Re: [WebCGM2.1][LC Review] i18n comment 6: Unicode normalization

Hello, and thanks for the helpful I18N comments on the WebCGM 2.1 Last Call 
review.

After some research into the details of Comment #6 -- that WebCGM should 
use a Unicode normalization form for font-name-string comparisons -- we see 
the wisdom of it for reliable matching.  But lacking deep expertise on the 
topic, we'd welcome further advice.

Question:  Do you have a recommendation for which of the four normalization 
forms would be best?

For background, recall that the subject string comparison is seeking a 
match between:  on the one hand, a font-name-string as extracted from a 
WebCGM instance; and on the other hand, a font-name-string from the ACL 
file (a separate XML file) that specifies the font-name to be matched.
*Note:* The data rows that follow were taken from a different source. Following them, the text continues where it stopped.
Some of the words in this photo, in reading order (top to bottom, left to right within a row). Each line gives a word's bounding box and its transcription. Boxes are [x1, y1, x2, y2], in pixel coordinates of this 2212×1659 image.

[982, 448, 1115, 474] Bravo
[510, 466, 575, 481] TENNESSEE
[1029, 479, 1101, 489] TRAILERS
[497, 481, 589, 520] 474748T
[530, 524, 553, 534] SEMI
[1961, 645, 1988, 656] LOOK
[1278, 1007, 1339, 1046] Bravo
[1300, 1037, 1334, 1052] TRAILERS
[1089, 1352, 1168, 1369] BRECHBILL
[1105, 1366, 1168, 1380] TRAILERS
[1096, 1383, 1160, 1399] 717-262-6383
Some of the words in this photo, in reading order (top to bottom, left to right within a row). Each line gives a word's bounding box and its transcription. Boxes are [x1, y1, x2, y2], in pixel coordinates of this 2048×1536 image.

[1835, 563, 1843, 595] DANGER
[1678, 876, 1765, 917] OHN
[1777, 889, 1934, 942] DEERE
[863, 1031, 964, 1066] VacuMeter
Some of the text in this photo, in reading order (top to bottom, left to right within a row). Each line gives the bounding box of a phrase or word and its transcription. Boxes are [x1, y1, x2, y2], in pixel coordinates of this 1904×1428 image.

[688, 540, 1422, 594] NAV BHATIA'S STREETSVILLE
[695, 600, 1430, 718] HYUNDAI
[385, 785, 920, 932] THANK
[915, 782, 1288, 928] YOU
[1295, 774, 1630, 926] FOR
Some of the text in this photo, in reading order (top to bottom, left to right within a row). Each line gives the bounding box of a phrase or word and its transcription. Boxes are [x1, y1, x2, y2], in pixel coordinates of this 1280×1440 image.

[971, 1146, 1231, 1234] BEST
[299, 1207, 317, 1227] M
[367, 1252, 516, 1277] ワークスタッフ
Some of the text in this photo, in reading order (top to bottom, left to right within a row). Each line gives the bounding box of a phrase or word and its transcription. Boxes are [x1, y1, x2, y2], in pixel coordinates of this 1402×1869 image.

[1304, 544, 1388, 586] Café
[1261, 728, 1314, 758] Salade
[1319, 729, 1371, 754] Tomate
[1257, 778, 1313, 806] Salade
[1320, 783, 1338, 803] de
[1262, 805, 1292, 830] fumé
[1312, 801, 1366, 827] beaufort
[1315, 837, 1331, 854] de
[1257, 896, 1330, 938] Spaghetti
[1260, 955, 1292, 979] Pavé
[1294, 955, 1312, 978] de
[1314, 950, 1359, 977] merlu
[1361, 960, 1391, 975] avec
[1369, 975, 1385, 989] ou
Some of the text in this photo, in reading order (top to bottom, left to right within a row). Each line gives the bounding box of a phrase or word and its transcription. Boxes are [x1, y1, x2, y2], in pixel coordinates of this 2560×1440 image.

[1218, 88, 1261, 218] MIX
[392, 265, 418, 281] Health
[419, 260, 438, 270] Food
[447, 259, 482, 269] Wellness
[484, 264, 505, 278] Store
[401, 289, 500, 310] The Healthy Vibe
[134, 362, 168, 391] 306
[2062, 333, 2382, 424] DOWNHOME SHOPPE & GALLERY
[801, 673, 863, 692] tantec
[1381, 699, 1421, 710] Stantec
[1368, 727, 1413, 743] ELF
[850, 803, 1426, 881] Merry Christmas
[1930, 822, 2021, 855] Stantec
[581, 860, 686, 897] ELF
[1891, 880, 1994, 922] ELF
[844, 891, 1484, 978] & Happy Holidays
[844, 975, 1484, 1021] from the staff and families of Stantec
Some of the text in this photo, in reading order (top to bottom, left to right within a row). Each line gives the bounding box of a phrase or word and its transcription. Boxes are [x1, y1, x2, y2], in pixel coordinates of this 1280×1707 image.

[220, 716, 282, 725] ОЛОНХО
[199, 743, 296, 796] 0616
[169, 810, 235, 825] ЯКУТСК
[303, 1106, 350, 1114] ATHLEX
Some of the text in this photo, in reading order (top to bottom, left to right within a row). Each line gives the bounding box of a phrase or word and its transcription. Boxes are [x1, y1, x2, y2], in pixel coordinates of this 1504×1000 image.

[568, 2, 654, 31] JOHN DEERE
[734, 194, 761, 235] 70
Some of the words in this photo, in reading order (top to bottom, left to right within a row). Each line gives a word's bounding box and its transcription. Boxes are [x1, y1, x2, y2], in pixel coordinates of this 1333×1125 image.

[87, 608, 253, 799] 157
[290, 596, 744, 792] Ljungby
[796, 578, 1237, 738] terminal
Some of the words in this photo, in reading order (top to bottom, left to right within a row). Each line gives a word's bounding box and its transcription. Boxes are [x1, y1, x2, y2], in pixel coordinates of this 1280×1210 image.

We would expect Unicode normalization to potentially make a difference in 
those cases wherein the first string (font-name from WebCGM instance) is 
outside the well-defined core set of thirteen (13) fixed names that are 
required by the WebCGM standard.  The character encoding in the WebCGM 
instance will be either ISOLatin1, or Unicode UTF8 or UTF16.

If the answer is not simple enough for efficient email resolution, we would 
welcome your participation in our teleconference of Thursday, 04-dec, 11am 
EST.  (Or alternately two weeks later if you can't make tomorrow.)  Please 
let me know, and I will send telecon logistics.

Thanks,
-Lofton Henderson
(Chair WebCGM WG)


At 10:29 AM 11/11/2008 +0000, ishida@w3.org wrote:

>Comment from the i18n review of:
>http://www.w3.org/TR/2008/WD-webcgm21-20080917/WebCGM21-Config.html#ACI-fontmap
>
>Comment 6
>At http://www.w3.org/International/reviews/0811-webcgm/
>Editorial/substantive: S
>Tracked by: RI
>
>Location in reviewed document:
>9.3.2.2 
>[http://www.w3.org/TR/2008/WD-webcgm21-20080917/WebCGM21-Config.html#ACI-maplist]
>
>Comment:
>Normalization for string comparison should include conversion to a Unicode 
>normalization form, to eliminate issues related to precomposed vs. 
>decomposed characters and issues related to ordering of multiple combining 
>characters.
>
>

Received on Wednesday, 3 December 2008 18:58:52 UTC